What needs to be done
Give back each line of the data exactly as it reads, minus the pictures.
*** Opening of Material to process ***
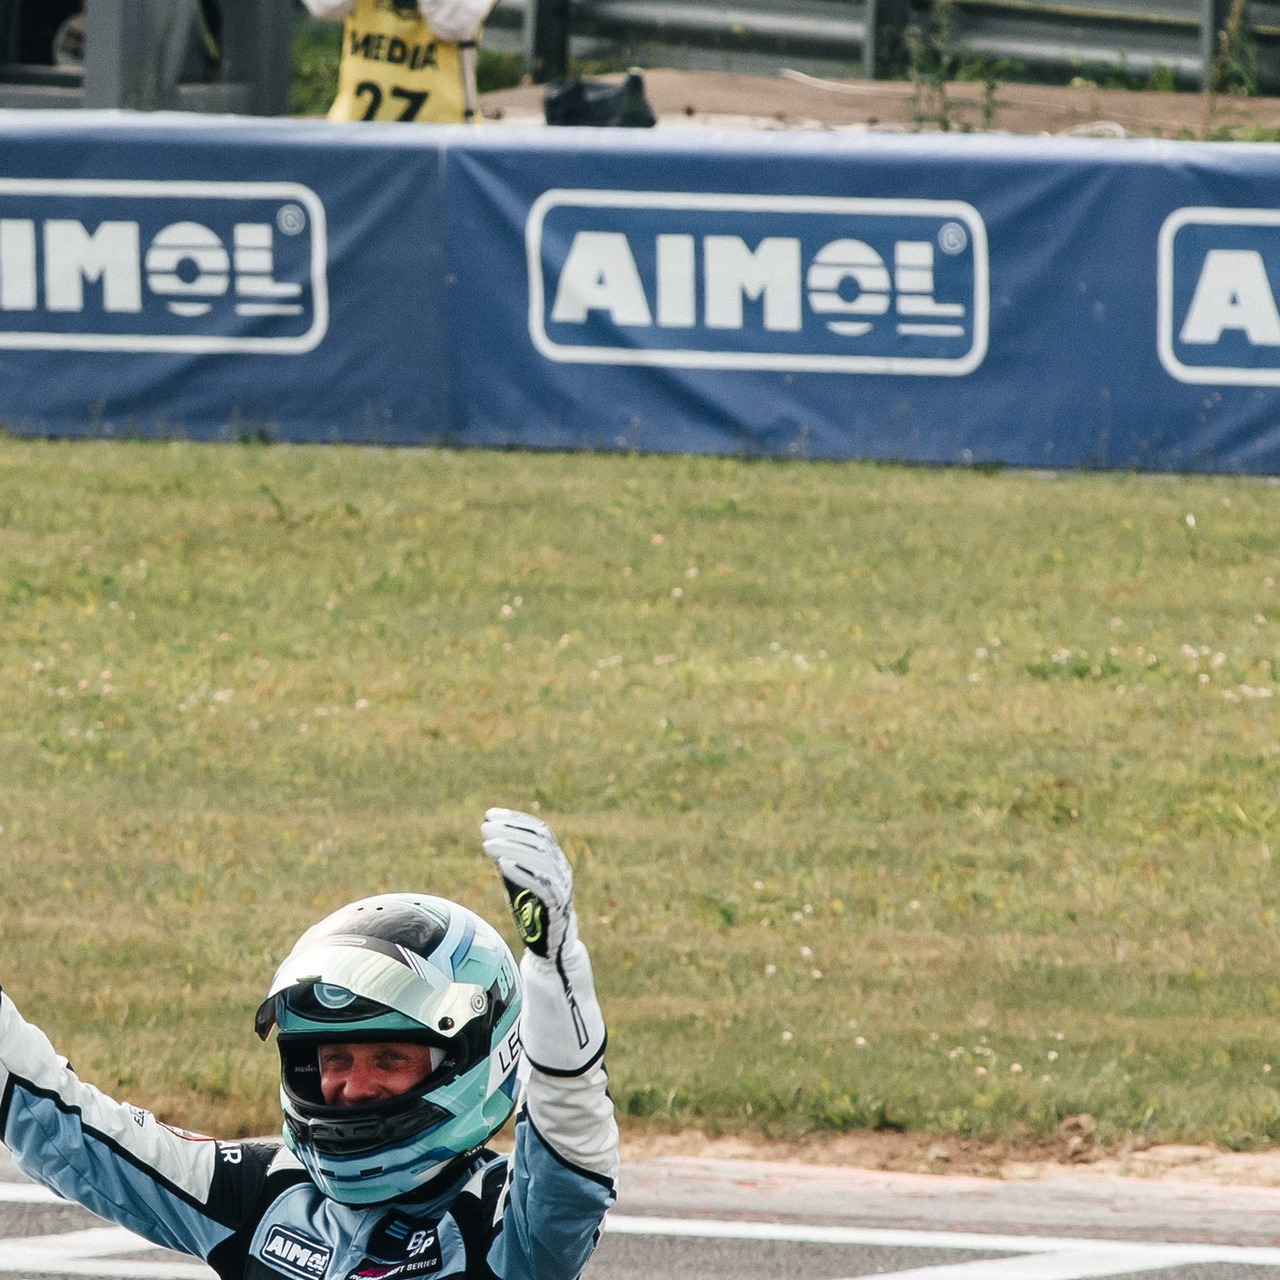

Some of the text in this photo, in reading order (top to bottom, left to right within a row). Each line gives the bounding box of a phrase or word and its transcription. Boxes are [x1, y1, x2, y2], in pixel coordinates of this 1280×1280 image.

[350, 30, 438, 70] MEDIA
[355, 81, 429, 122] 27
[551, 231, 965, 337] AIMOL
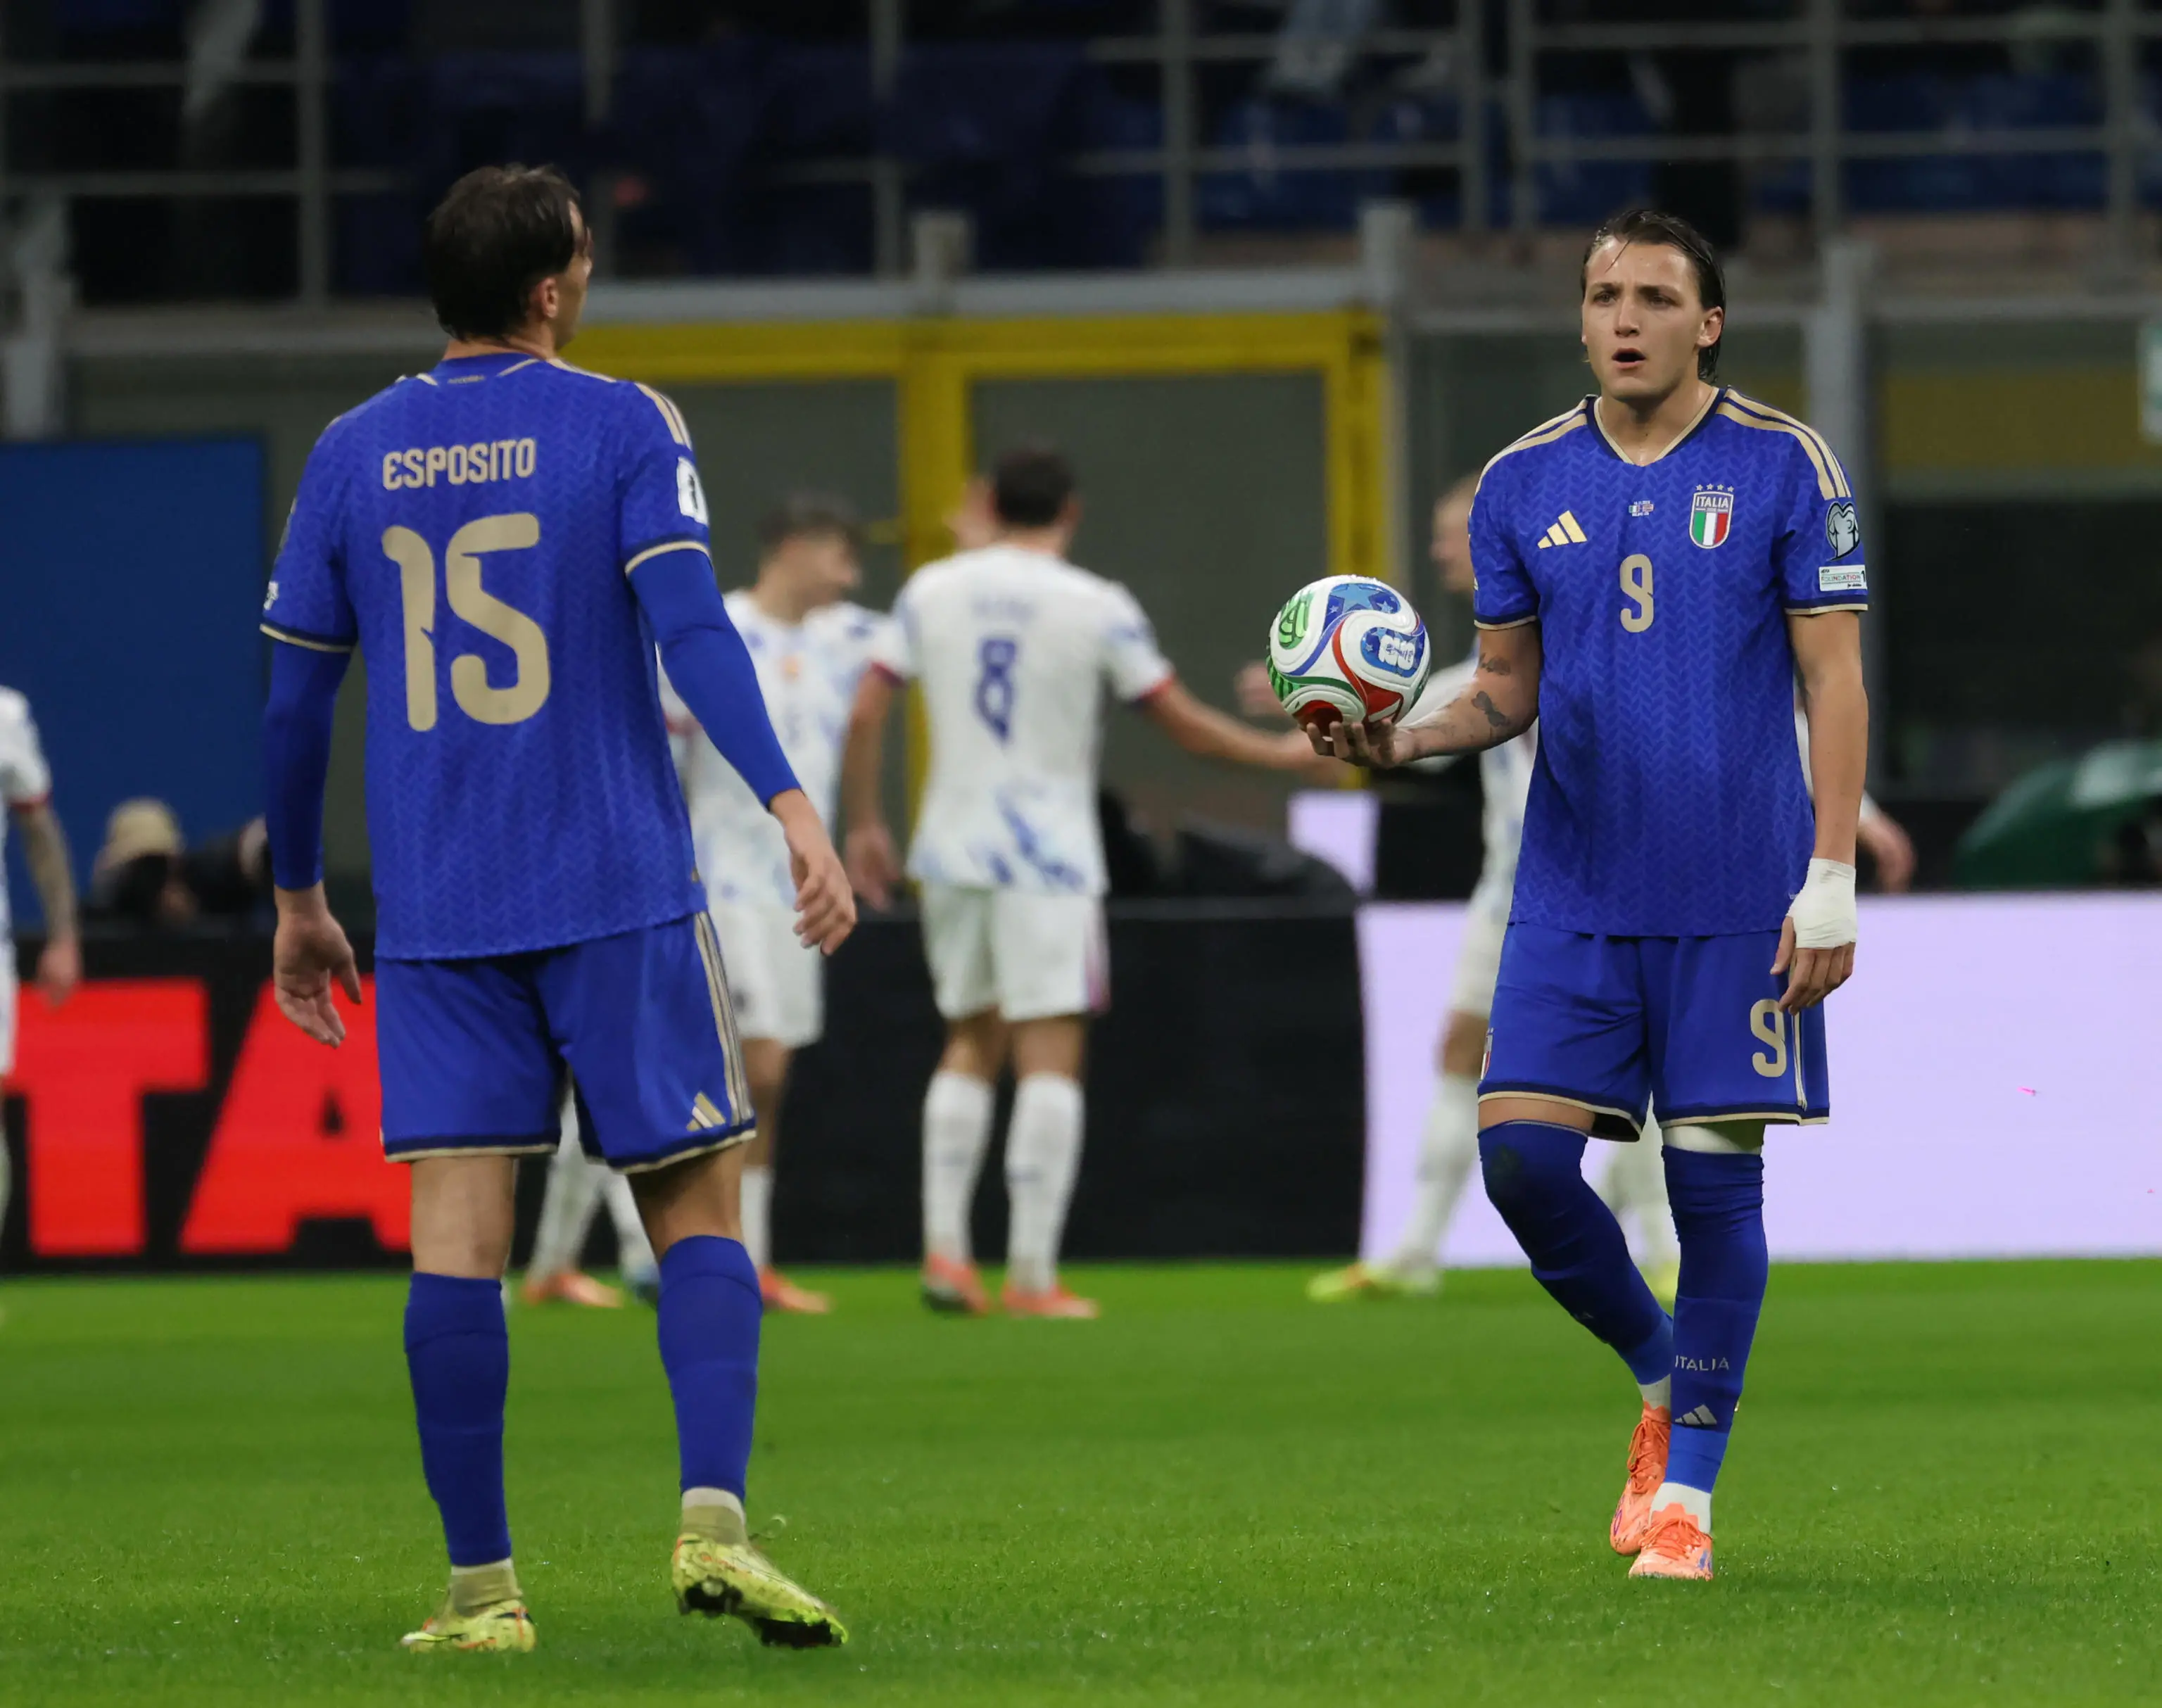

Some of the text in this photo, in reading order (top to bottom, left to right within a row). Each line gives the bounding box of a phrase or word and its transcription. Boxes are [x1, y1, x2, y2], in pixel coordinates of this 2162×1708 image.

[383, 438, 536, 491] ESPOSITO
[1696, 495, 1729, 508] ITALIA
[381, 512, 551, 732] 15
[1619, 553, 1654, 633] 9
[975, 638, 1017, 745] 8
[1750, 999, 1787, 1077] 9
[1674, 1355, 1730, 1371] ITALIA
*** Close of Material to process ***
Task response
Some of the text in this photo, in reading order (top to bottom, left to right within a row). Each line gives the bounding box of a phrase or word and its transcription. Boxes are [x1, y1, x2, y2], in pixel coordinates of this 1280×1280 image.

[350, 30, 438, 70] MEDIA
[355, 81, 429, 122] 27
[551, 231, 965, 337] AIMOL

Some of the text in this photo, in reading order (top to bottom, left to right within a row). Each line gives the bounding box of a phrase or word and its transcription. Boxes are [x1, y1, x2, y2], in pixel coordinates of this 2162×1708 image.

[383, 438, 536, 491] ESPOSITO
[1696, 495, 1729, 508] ITALIA
[381, 512, 551, 732] 15
[1619, 553, 1654, 633] 9
[975, 638, 1017, 745] 8
[1750, 999, 1787, 1077] 9
[1674, 1355, 1730, 1371] ITALIA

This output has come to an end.